Saving XGBOOst Model to PMML - possible now?

Continuing the discussion from Save XGBOOST Model as PMML:

@knimebine007 I don’t think there is any option of exporting an XGBoost model to PMML although there is the “Gradient Boosted Trees to PMML” for the “Gradient Boosted Trees Learner”.

https://xgboost.readthedocs.io/en/stable/tutorials/saving_model.html

You can use the generic KNIME model exports for the XGBoost integration of KNIME. Could you tell us what it is you want to do?

Hi,

yes I noticed the “Gradient Boosted Trees to PMML”-node and hoped there will be also one for XGBoost models.
I want to transfer the learned model in KNIME to python for predictions in this python environment. Any idea how to transfer?

best regards
Sabine

@knimebine007 I tried a few things but it seems not to be possible to transfer models of xgboost between knime and python. You could set up xgboost in python nodes. I will habe to see if I can make an example.

Best way to transfer more complex models between knime, Python and R is the H2O.ai MOJO format

Depending on you data. From my experience when a robust tree model is of any use often H2O.ai GBM does come close (To XGBoost). You could let that train with automl an benefit from the grid search within or set up you own hyper parameter search.

@knimebine007 I toyed around with KNIME and Python and you could configure KNIME nodes that would use the XGBoost Python package and store the model in a local JSON file and reuse it with new data.
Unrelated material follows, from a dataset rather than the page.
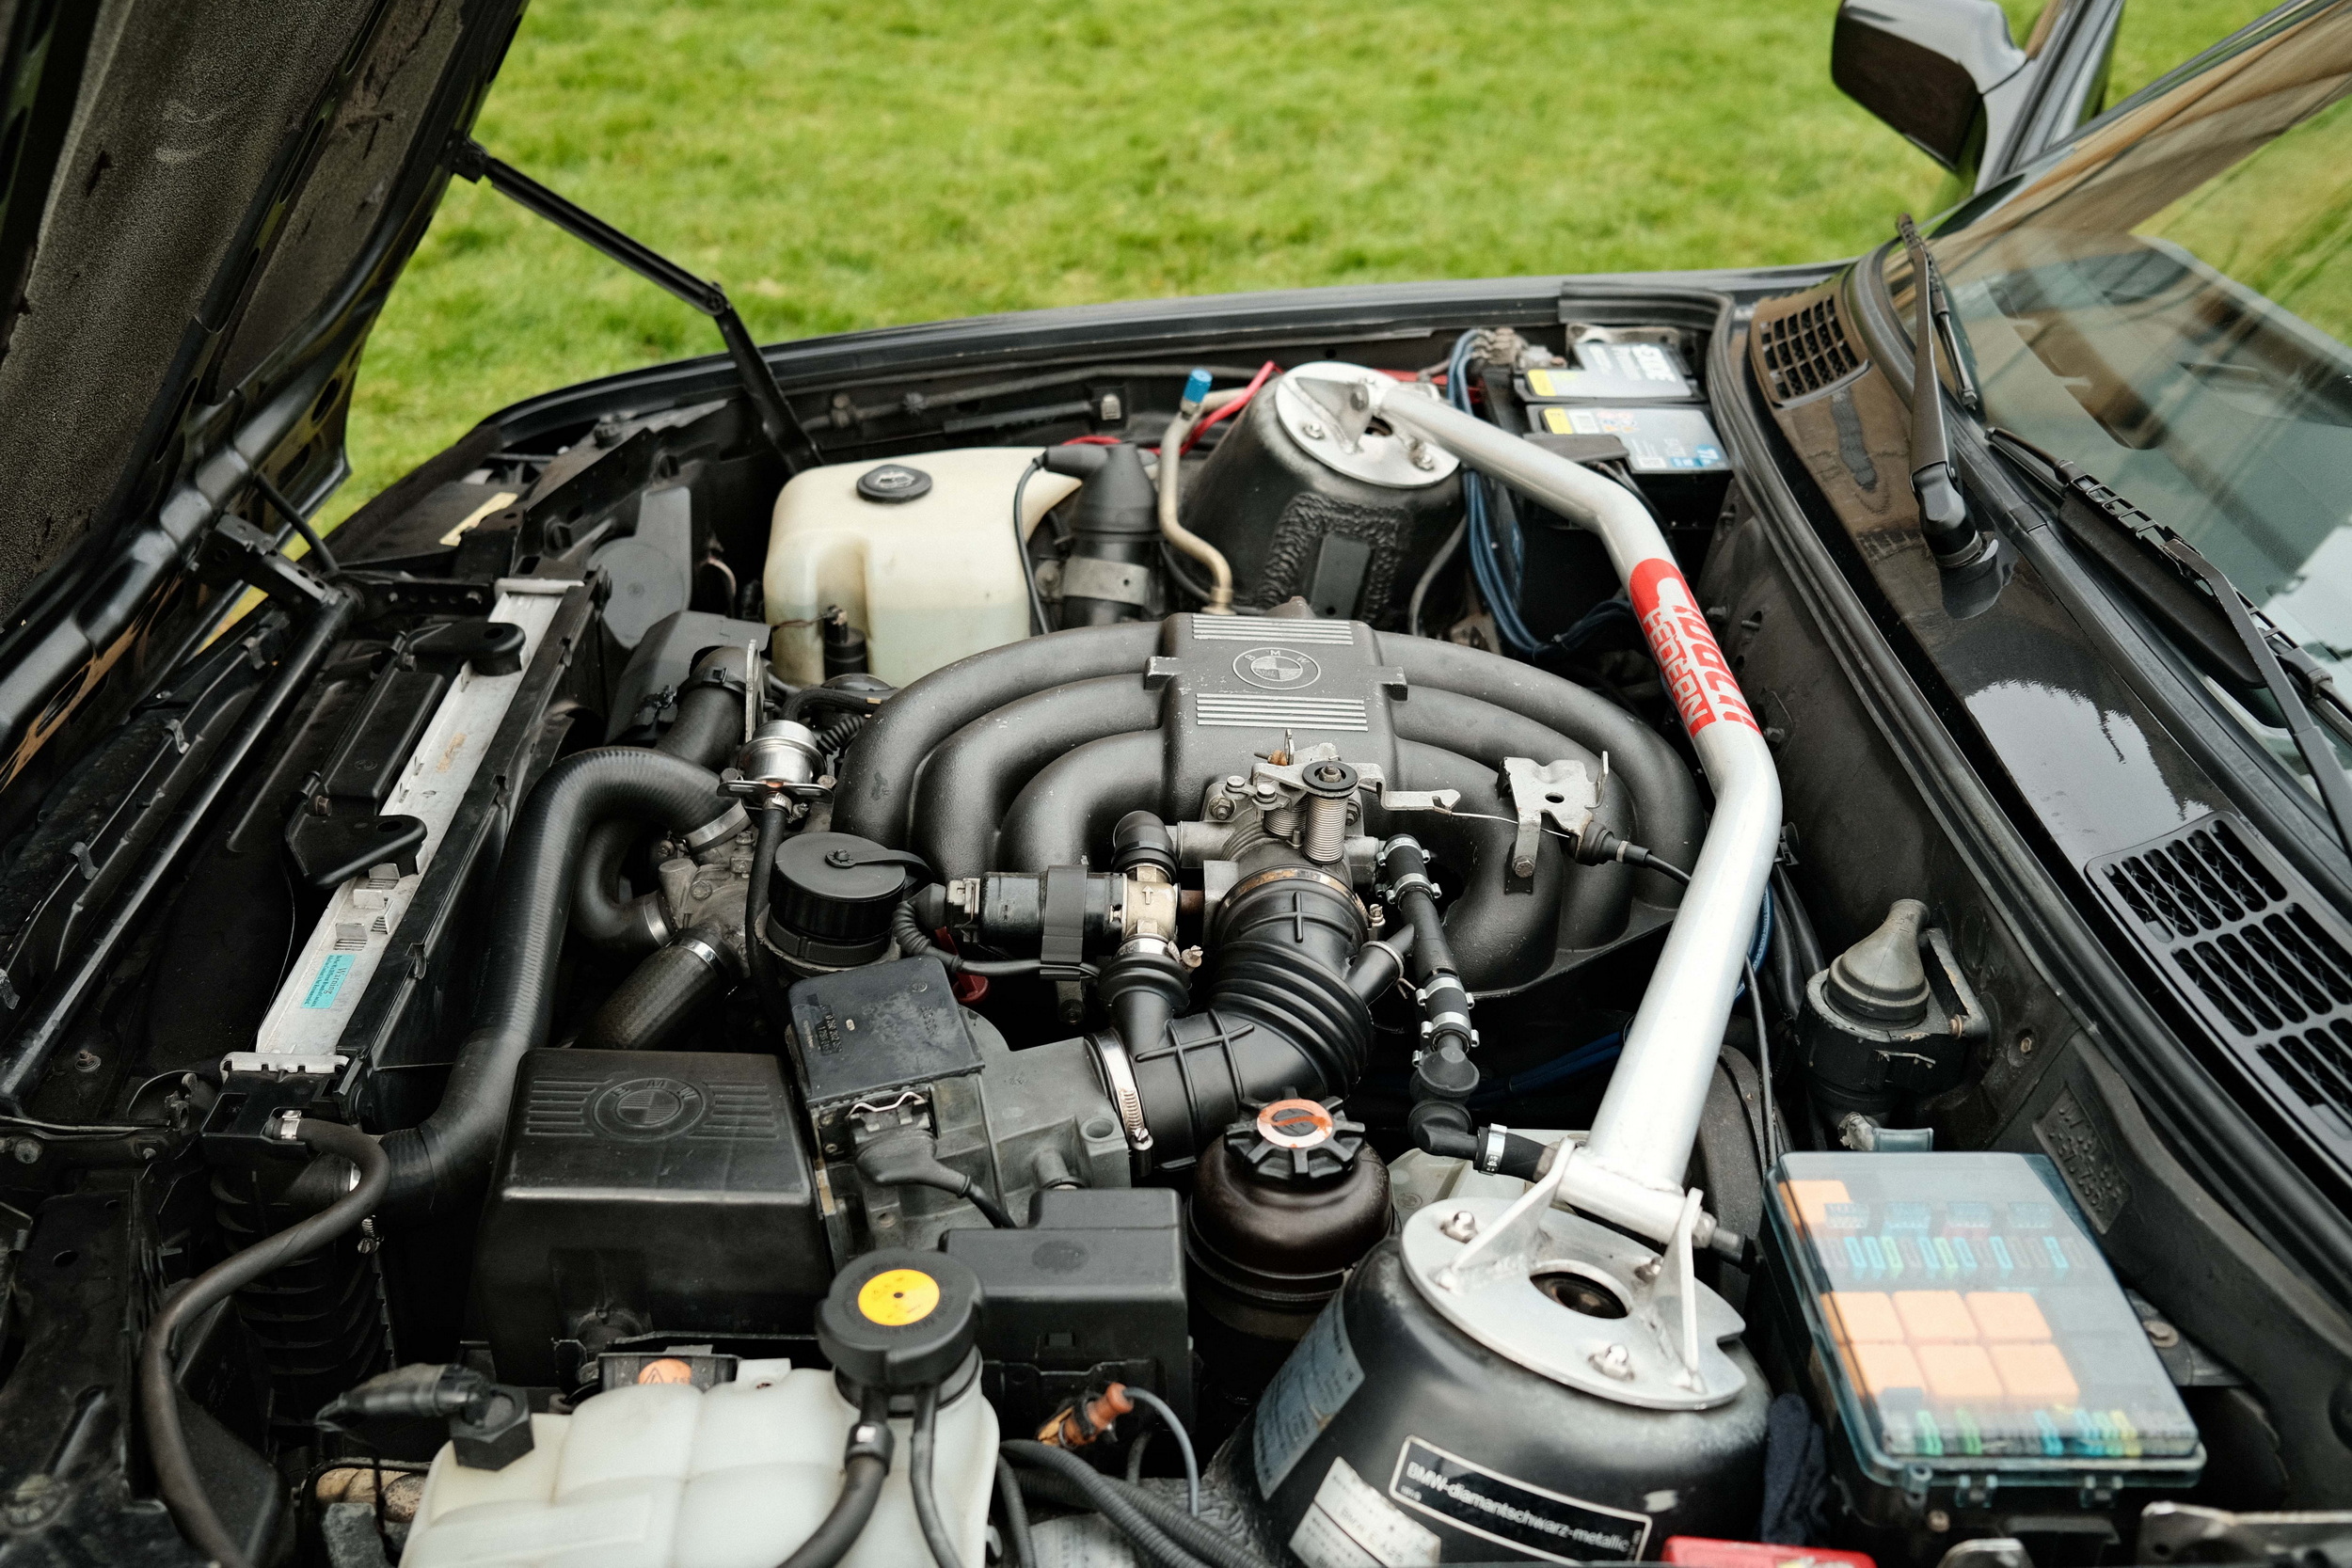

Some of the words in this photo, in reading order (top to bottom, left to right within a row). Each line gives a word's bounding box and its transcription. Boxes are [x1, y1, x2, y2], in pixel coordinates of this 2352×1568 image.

The work will be done in Python but KNIME can create the workflow around.

From what I see is XGBoost still under development and some settings in the cooperation between KNIME and Python and XGB are maybe a bit strange but they will work and the jobs can be repeated.

The label is the column “Target” (0/1) and there is a “row_id” present to stand for a possible customer number or ID to later bring the scores to another system. Some XGBoost parameters might have to be adapted.

In the subfolder /data/ there is a Jupyter notebook “kn_example_python_xgboost.ipynb” where I tried to set up a running workflow. Data can be interchanged between Jupyter and KNIME. And notebooks might also be run from within KNIME.

Yes indeed the whole thing might be somewhat over-engineered but I always wanted to set up such a workflow - in general you will be best served with just using the great KNIME XGBoost integration :slight_smile:

3 Likes

@knimebine007 OK while I am fuzzing around @LukasS has already built such a workflow :slight_smile: including an option with R.

2 Likes

Big thanks for all the hints and the workflow, I hope I can test it to the end of next week. First I have to update to 4.6…

1 Like

Meanwhile I updated to KNIME 4.6 and could look&run the workflows.
I used the storing of the model as JSON file and I compared the XGBoost-node-version and the Python-version with my own dataset.
The confusion matrices values are the same and I could reuse the model for new data via JSON file too now, that’s great!

Thank you again,
Sabine

2 Likes

hello again,

I’ve a question to @LukasS:
In the XGBOOST KNIME/python comparison a parameter table of 400 combinations is used.
How are the values determined?
Perhaps by a DOE tool? Or based on experience?

Nice day,
Sabine

Hi Sabine,

unfortunately I don’t know how those 400 parameters where generated as I got them as they are from a customer.

May I ask why you ask? In case you want to optimize your model for some metric, I would suggest the parameter optimization loop pair - it will then sweep though how many different parameter you ask for and spit out the result of the best set.

Best regards,
Lukas

Okay, thank you for the suggestion! I will learn and try more about the Bayesian Optimization (TPE) method, very interesting!

Best reards
Sabine

1 Like

This topic was automatically closed 90 days after the last reply. New replies are no longer allowed.